Let us stop romanticizing working/studying past hours

I’m doing it again. I’m working for 15 hours a day with merely any exhaustion.

It’s just; I seriously get high on work. I can procrastinate for so long, lay lazily in one posture for hours, feel bothered if anyone asked me to move from my place. Yet, at the same time, I can work nonstop for days without sleep if my body lets me.

Society often romanticizes overworking yourself, working beyond hours, overnights, and it’s so, so, wrong. Overworking yourself might achieve prosperity earlier than expected but at your own expense. Trust me; I learned this the hard way.

I know it can be almost impossible not to overwork ourselves given the work we have; a lot of times, there is just so much to do and so little time. I think what I am trying to say here is that it is okay to slack on some duties and studies if it means you’ll protect yourself from a potential collapse.

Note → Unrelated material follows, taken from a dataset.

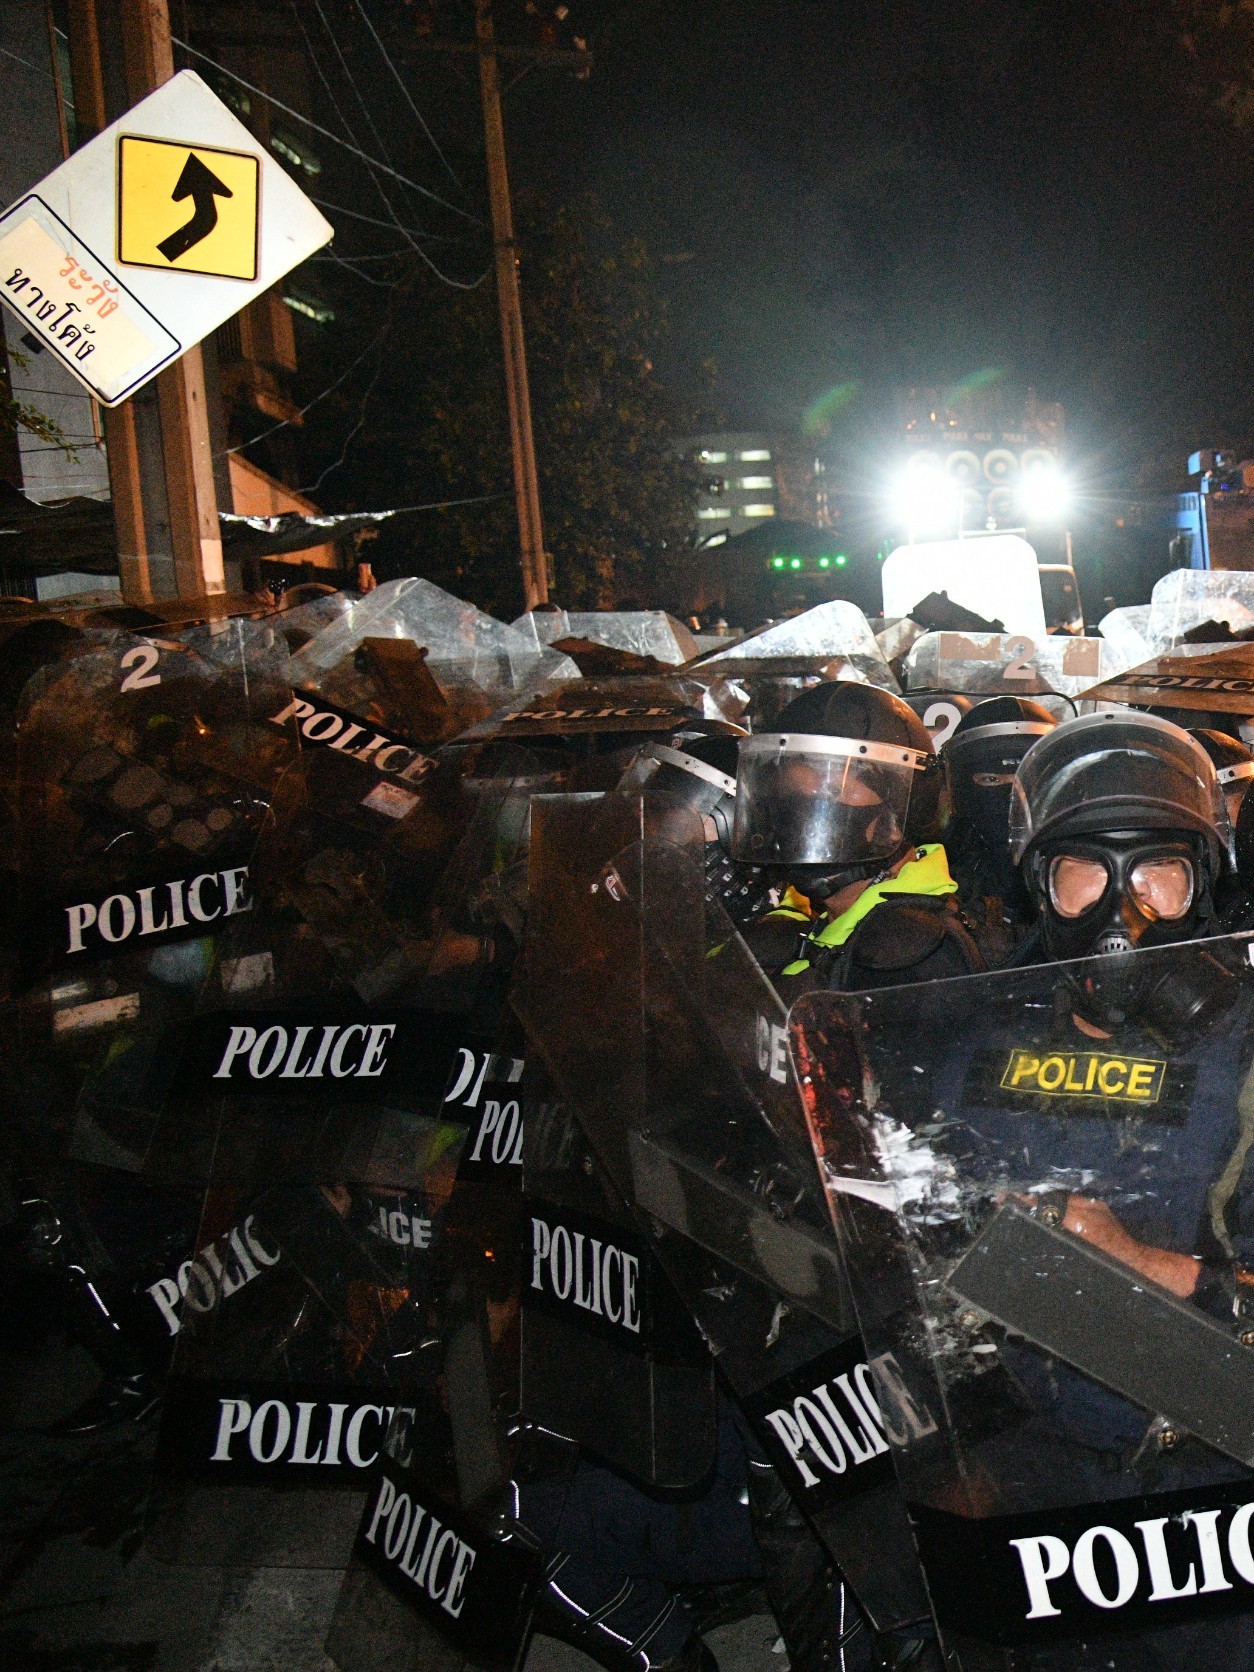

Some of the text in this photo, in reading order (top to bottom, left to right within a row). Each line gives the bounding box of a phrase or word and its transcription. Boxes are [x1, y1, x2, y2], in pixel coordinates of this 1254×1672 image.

We need to fight the urge to work past our own ability; we need to urge more healthy sleeping and fewer overnights, more healthy eating, less caffeine consumption, more structured schedules, and fewer tasks. It’s vital to prioritize your mental health over your work or education; you wouldn’t want to burnout, because that mess is pretty frightening.

I’m writing this, and I know I’m a hypocrite; I would do all that, even during weekends. I would only drink caffeine drinks without eating all day, work for hours without any break, welcome new tasks over my jammed schedule with open arms, eliminate any chance of social or romantic life, and only log off when I finish everything on my to-do list, even if it’s 2 am and the first time I logged in was 8 am the day before.

I don’t do that anymore, or at least, I am trying to improve. In 2020, I burned myself out, and that is when major depression, anxiety, and panic attacks took over my life, blazing all my attempts of ever becoming a decent person. I literally had to rebuild my life, personality, identity, mental health, and points of view from the very start. It felt as if I am a newborn child with a 22 years old body, exploring everything in a world everybody knows what they’re doing, except me.

It wasn’t pretty; it really wasn’t. I’m still trying to fix what was destroyed, and all of that is because I chose to overwork myself. It’s not that we can work for days nonstop; we literally, physically, and mentally cannot. Our brain shuts down at one point, leaving us to deal with consequences.

I could go into the simple scientific reasons behind burnout, in my own basic words. Still, I think it’s better to read about it from professionals (do add to the signs and symptoms: MAJOR fear, anxiety, and panic). Also, here they explain the 5 stages of burnout, which I think is very useful to know.

This week has been an exception in my road to recovery, and today specifically has been brutal. I started working at 9 am, and here I am, at 12:38 am, just finished everything I had to do, and I have the urge to start with tomorrow’s tasks. It’s addictive, for all the wrong reasons, but workaholism is a thing.

I think one of the things I like about my current job is that it is comfortable. I am normally not one to choose jobs according to comfort, I would welcome jobs with 10+ hours a day if they make me happy- and dear God, I did. Even though a 10+ hours job gives so much satisfaction (before the burnout), it dismisses all other enjoyments and necessities in life, like weekends, family time, or friends.

Ever since I started this job, I am taking care of myself. I have more time for myself and the people I love, and I am going to therapy, and I am spending more time with my family, and I even created a blog!

I even have time to read and watch old movies on my movie list. I sleep early and wake up early. I have more time to listen to my friends’ problems and be there for them. I have time to do extracurricular activities for FoodBlessed, voluntarily, and I actually have time to reply to people’s texts.

I think all this is great; being happy is to be healthy and lead a content life. I still overwork myself now and then, but not as critical as before. Say I have FoodBlessed meetings, I would compile them all in one or two days, which are the days I go to the office, so I would have everything to do in one day and then have the rest of the days working from the comfort of my bed. On the extra hours day, I would make sure to walk and drink coffee from a cafe I like, which may not be the healthiest thing to do, but I do that out of self-care, which I guess counts as half a bonus point.

Let us fight the trend of going on days without rest. There is nothing glamorous about bad mental health behaviors, it will kill you alive, and I would hate to see you die.